● WORK INSTRUCTION
Could you copy the records below exactly, leaving out any pictures they include?

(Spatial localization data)

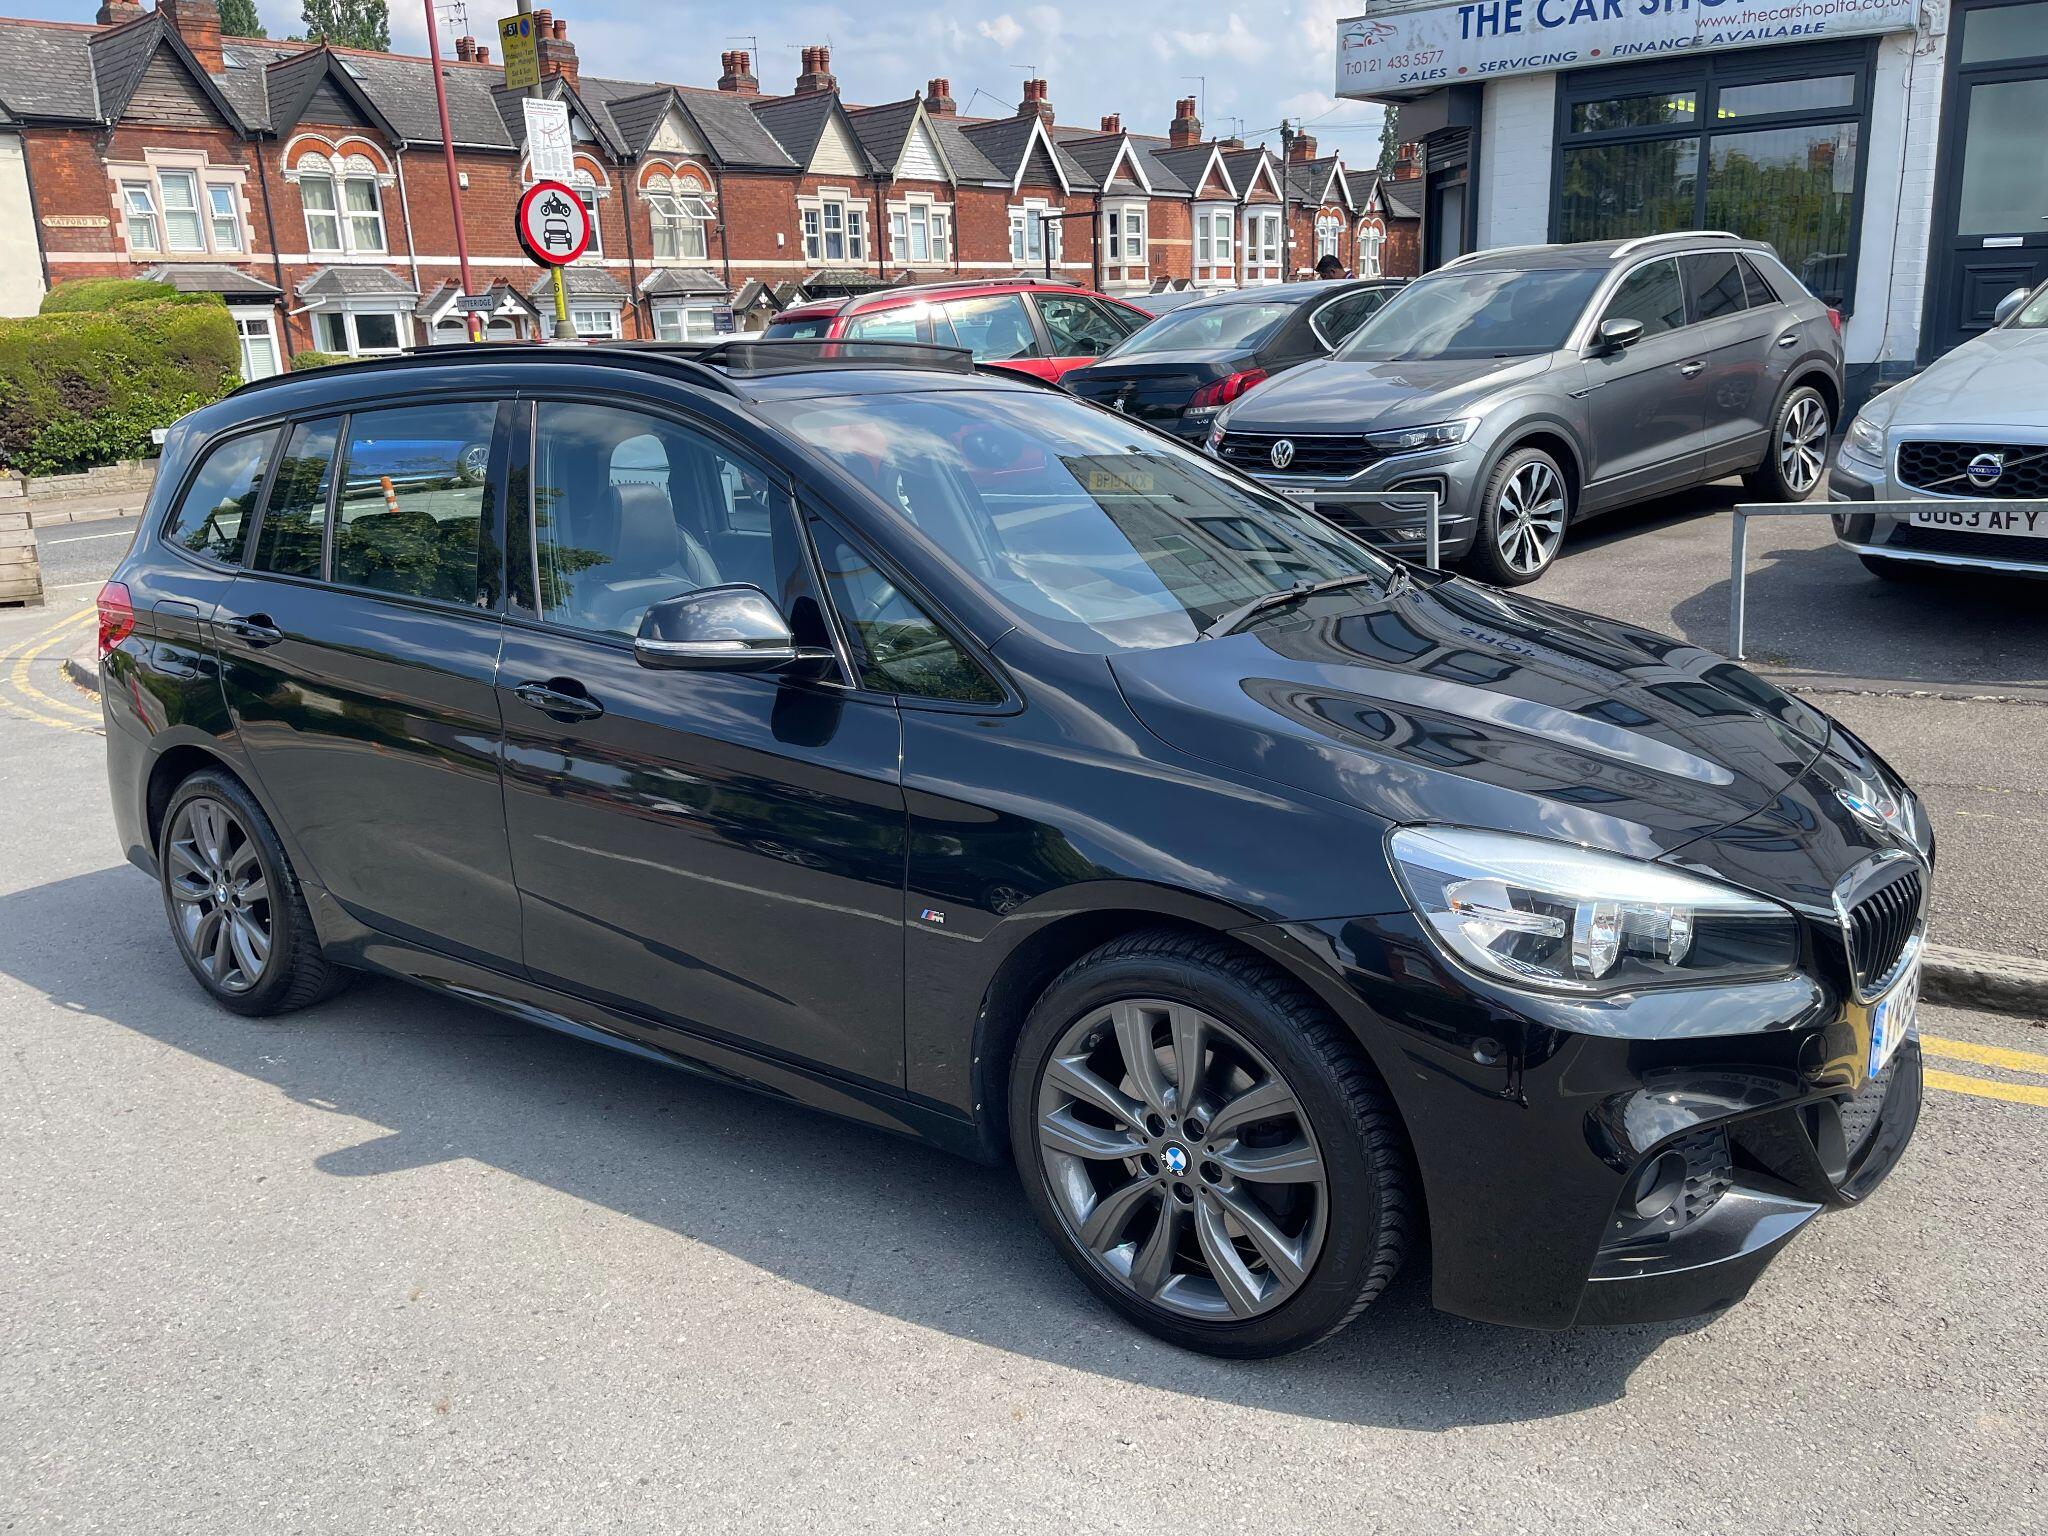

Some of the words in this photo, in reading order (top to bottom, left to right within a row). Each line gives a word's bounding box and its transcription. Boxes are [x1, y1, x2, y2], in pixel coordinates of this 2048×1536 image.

[1458, 0, 1522, 39] THE
[1537, 0, 1623, 28] CAR
[1695, 0, 1910, 28] www.thecarshopltd.co.u
[1345, 58, 1382, 75] T:0121
[1387, 55, 1409, 69] 433
[1413, 50, 1444, 66] 5577
[1398, 68, 1447, 83] SALES
[1478, 51, 1578, 73] SERVICING
[1612, 36, 1703, 56] FINANCE
[1710, 22, 1826, 44] AVAILABLE
[50, 218, 88, 226] WATFORD
[553, 283, 560, 293] 6
[1969, 466, 2000, 474] VOLVO
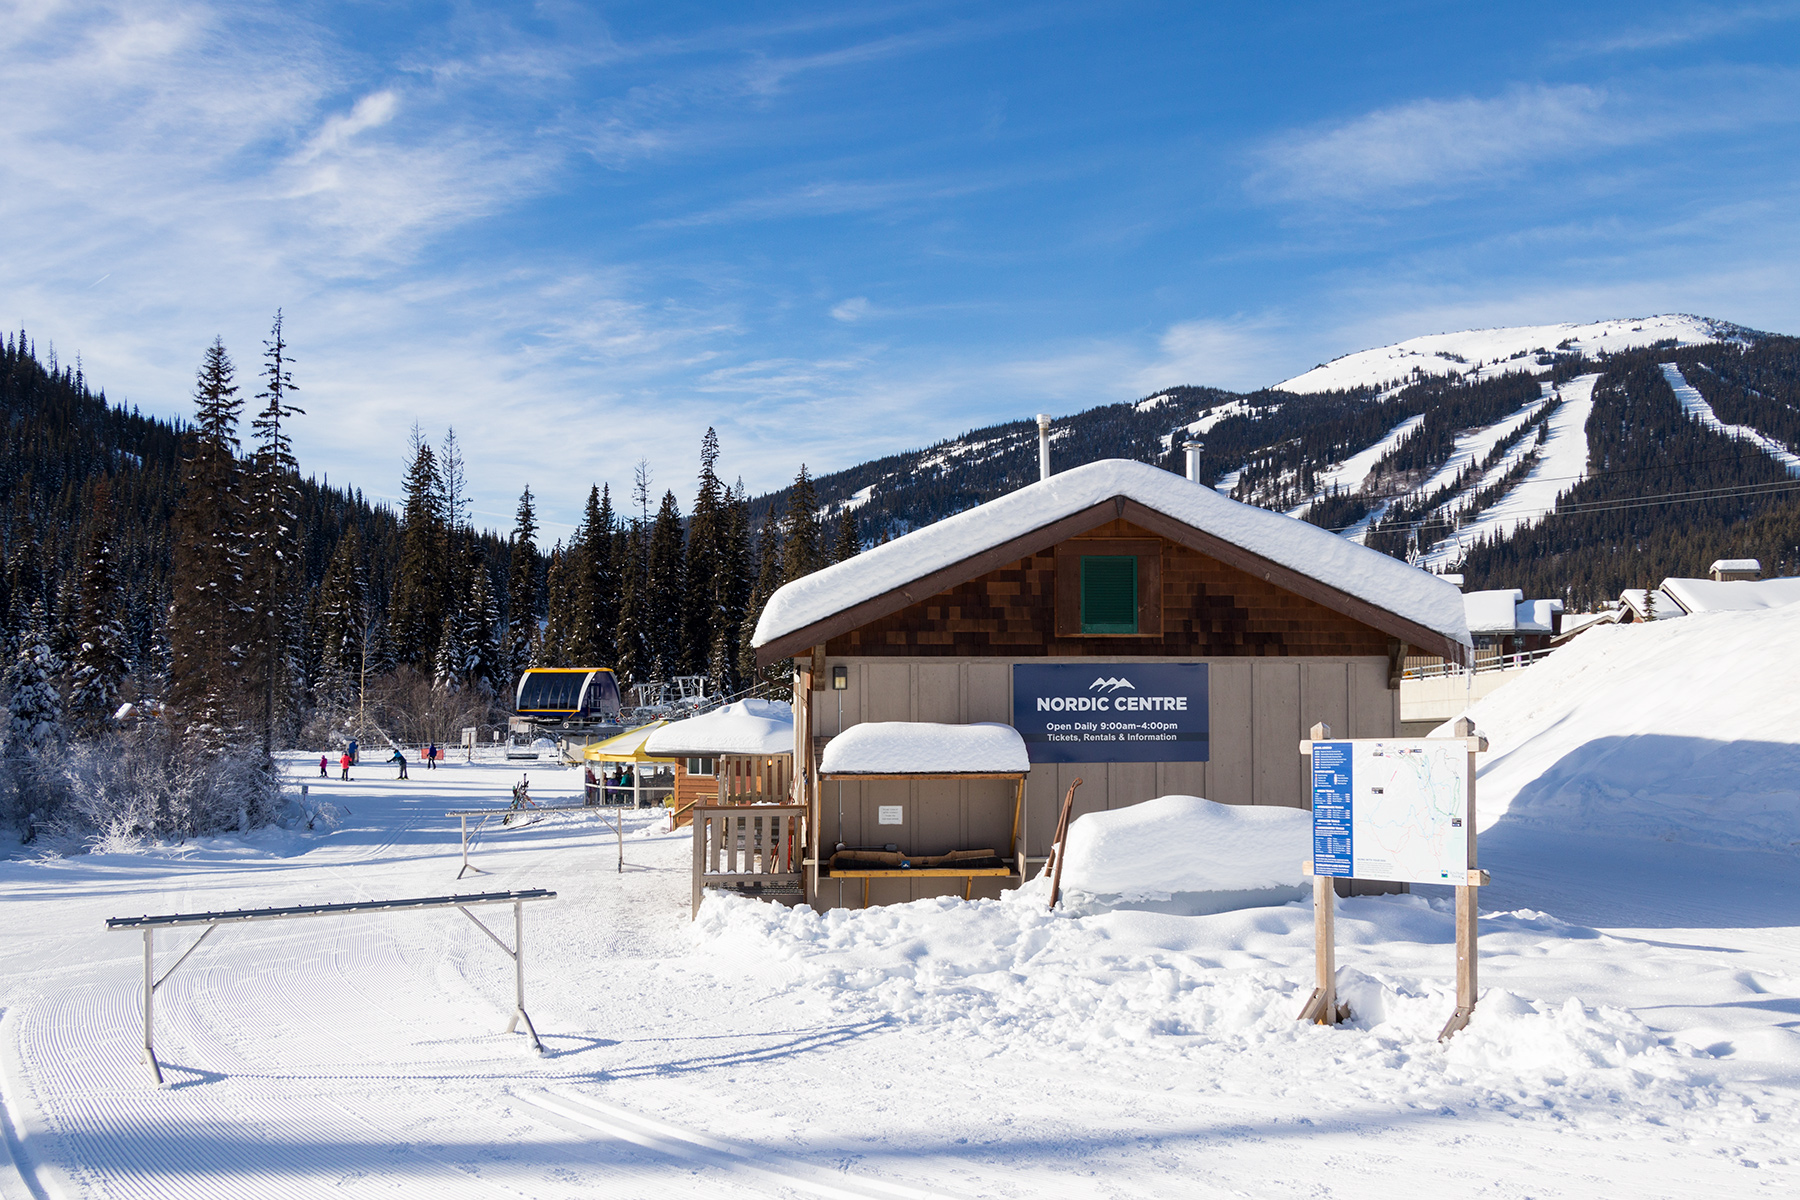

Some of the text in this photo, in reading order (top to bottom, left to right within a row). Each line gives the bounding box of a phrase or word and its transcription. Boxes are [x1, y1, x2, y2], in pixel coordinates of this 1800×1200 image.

[1037, 697, 1187, 711] NORDIC CENTRE
[1047, 722, 1071, 731] Open
[1075, 722, 1097, 731] Daily
[1047, 733, 1177, 742] Tickets, Rentals & Information

● SOLUTION FOR THIS EXERCISE
Some of the words in this photo, in reading order (top to bottom, left to right within a row). Each line gives a word's bounding box and its transcription. Boxes are [x1, y1, x2, y2], in pixel coordinates of this 2048×1536 image.

[1458, 0, 1522, 39] THE
[1537, 0, 1623, 28] CAR
[1695, 0, 1910, 28] www.thecarshopltd.co.u
[1345, 58, 1382, 75] T:0121
[1387, 55, 1409, 69] 433
[1413, 50, 1444, 66] 5577
[1398, 68, 1447, 83] SALES
[1478, 51, 1578, 73] SERVICING
[1612, 36, 1703, 56] FINANCE
[1710, 22, 1826, 44] AVAILABLE
[50, 218, 88, 226] WATFORD
[553, 283, 560, 293] 6
[1969, 466, 2000, 474] VOLVO

Some of the text in this photo, in reading order (top to bottom, left to right within a row). Each line gives the bounding box of a phrase or word and its transcription. Boxes are [x1, y1, x2, y2], in pixel coordinates of this 1800×1200 image.

[1037, 697, 1187, 711] NORDIC CENTRE
[1047, 722, 1071, 731] Open
[1075, 722, 1097, 731] Daily
[1047, 733, 1177, 742] Tickets, Rentals & Information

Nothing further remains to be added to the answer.